Andy went off to Akron University and shared a dorm room with a guy who put up a giant poster of Raquel Welch from the movie “One Million BC,” the view of Raquel standing triumphantly on the mountainside at the dawn of civilization.

Andy had a poster of Roger Maris on his wall of the dorm room. He now says, tongue-in-cheek, “I can’t imagine to this day what my roomie got out of having that picture of Raquel Welch on the wall!”

Strasberg’s poster became the cornerstone on his freshman brag stories about his “good friend,” Roger Maris. By the 1968 season, Andy says that his college friends were ready to put those words to a test. With the Cardinals coming to Pittsburgh for a weekend series with the Pirates, the friends suggested they make the under two hours trip there from Akron to see a game – and give Andy a chance to introduce them to his “good friend.” Any gulped, a little, but he agreed to the challenge.

The short of it is that Roger Maris did remember Andy Strasberg. “Andy,” Roger called out from the field in response to a grandstand shout from Strasberg, “what are you doing in Pittsburgh?”

Andy regaled in the moment of introducing his friends, but before the day was done, he would own even more magic to take home with him from that day. During the game, Roger Maris hit a home run – and Andy Strasberg was the fan in the stands who caught it. What are the odds on that one?

The years rolled on and the relationship grew. Andy and his wife began to socialize with Roger and Pat Maris. Then the worst came hard. Roger Maris died of cancer while he was under treatment here in Houston at MD Anderson on December 14, 1985.

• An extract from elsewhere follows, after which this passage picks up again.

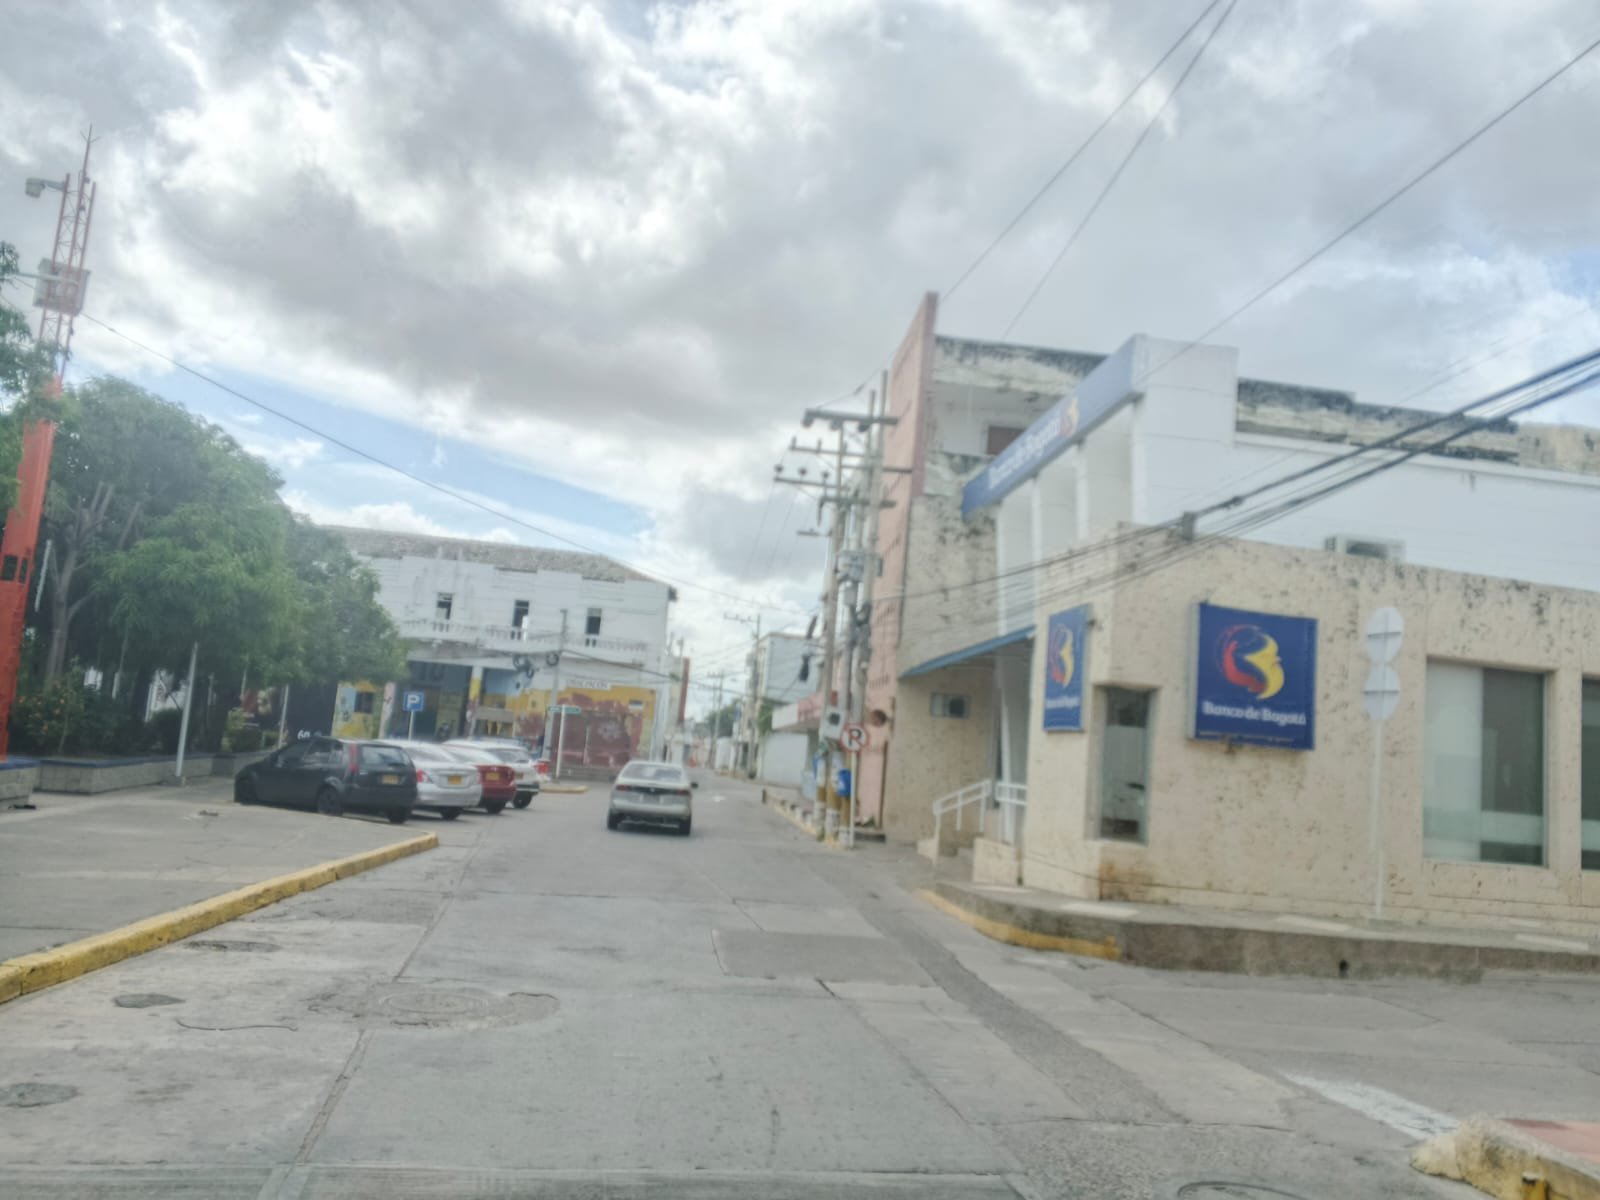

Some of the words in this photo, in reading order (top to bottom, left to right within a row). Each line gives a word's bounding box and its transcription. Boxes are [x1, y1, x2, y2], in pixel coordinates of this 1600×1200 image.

Andy Strasberg flew from San Diego to Fargo, South Dakota for the funeral. He has since become an almost ex officio member of the Maris family and now enjoys close ties also with Roger’s adult children.

When Bill Crystal started production for the 2001 movie 61* n the late 1990s, Andy Strasberg was retained as a technical advisor, even ending up with a small acting part as the only fan who runs on the field to shake Roger Maris’s hand after his 61st home run broke Babe Rut;s single season mark in 1961.

You do not meet people like Andy Strasberg every day. Well, maybe you do and they’re just not talking about it so much. It’s still unlikely you will meet many who have converted a fan brush with fame into the overriding factor in their lives, as has Andy Strasberg. Today Andy is also busy in support of charity events sponsored in Roger Maris’s memory for the support of cancer research and treatment.

I caught the above picture of Andy Strasberg at the end of the evening. I simply asked him to give us his best Raquel Welch pose. Those of you who couldn’t make it missed a fine and most entertaining evening, one that also came with some DVD clips that Andy used to help dramatize the wonderful story of his love and appreciation for Roger Maris.

Thanks to fellow SABR member Mike McCroskey, here’s a website link that pretty well covers the same ground Andy Strasberg traveled in his fascinating talk to our Larry Dierker Houston Chapter last night:

http://www.fanfiction.net/s/3624008/1/Roger_Maris_and_Me

As for other meeting activity from the February 24th gathering, the trivia quiz prepared by Mark Wernick was a nettlesome mind-twister, but it was won by Scott Barzilla and Greg Lucas.

Other meeting notes: (1) SABR needs volunteers to help with our research project: “Houston Baseball, the First 100 Years, 1861-1961;” (2) Our next monthly SABR meeting will be held on Tuesday, March 29th, and our speaker will be Astros broadcaster and fellow SABR member Bill Brown.